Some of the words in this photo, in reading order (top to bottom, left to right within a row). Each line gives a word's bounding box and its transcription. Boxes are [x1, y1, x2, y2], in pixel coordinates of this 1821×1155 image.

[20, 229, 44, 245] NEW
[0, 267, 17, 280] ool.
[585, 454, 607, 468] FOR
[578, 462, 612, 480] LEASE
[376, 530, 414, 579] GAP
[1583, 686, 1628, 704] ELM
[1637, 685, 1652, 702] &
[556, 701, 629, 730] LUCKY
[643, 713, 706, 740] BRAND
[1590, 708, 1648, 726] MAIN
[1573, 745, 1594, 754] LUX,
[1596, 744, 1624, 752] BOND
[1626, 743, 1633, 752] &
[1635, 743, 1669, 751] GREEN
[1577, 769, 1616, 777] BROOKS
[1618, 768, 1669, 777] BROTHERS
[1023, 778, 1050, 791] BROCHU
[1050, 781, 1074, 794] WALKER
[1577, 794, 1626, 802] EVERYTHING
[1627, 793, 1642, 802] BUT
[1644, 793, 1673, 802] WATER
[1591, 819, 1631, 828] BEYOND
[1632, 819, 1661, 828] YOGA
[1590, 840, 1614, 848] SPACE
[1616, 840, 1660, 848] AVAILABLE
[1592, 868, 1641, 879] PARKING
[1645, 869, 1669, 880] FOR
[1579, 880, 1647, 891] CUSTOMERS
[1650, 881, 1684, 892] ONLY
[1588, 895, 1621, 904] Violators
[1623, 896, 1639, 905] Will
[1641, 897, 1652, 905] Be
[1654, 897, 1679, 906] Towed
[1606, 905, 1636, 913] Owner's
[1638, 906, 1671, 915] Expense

• _TASK STATEMENT_: Give all the entries again exactly; leave none out.

• _PROBLEM SOLUTION_:
Some of the words in this photo, in reading order (top to bottom, left to right within a row). Each line gives a word's bounding box and its transcription. Boxes are [x1, y1, x2, y2], in pixel coordinates of this 1821×1155 image.

[20, 229, 44, 245] NEW
[0, 267, 17, 280] ool.
[585, 454, 607, 468] FOR
[578, 462, 612, 480] LEASE
[376, 530, 414, 579] GAP
[1583, 686, 1628, 704] ELM
[1637, 685, 1652, 702] &
[556, 701, 629, 730] LUCKY
[643, 713, 706, 740] BRAND
[1590, 708, 1648, 726] MAIN
[1573, 745, 1594, 754] LUX,
[1596, 744, 1624, 752] BOND
[1626, 743, 1633, 752] &
[1635, 743, 1669, 751] GREEN
[1577, 769, 1616, 777] BROOKS
[1618, 768, 1669, 777] BROTHERS
[1023, 778, 1050, 791] BROCHU
[1050, 781, 1074, 794] WALKER
[1577, 794, 1626, 802] EVERYTHING
[1627, 793, 1642, 802] BUT
[1644, 793, 1673, 802] WATER
[1591, 819, 1631, 828] BEYOND
[1632, 819, 1661, 828] YOGA
[1590, 840, 1614, 848] SPACE
[1616, 840, 1660, 848] AVAILABLE
[1592, 868, 1641, 879] PARKING
[1645, 869, 1669, 880] FOR
[1579, 880, 1647, 891] CUSTOMERS
[1650, 881, 1684, 892] ONLY
[1588, 895, 1621, 904] Violators
[1623, 896, 1639, 905] Will
[1641, 897, 1652, 905] Be
[1654, 897, 1679, 906] Towed
[1606, 905, 1636, 913] Owner's
[1638, 906, 1671, 915] Expense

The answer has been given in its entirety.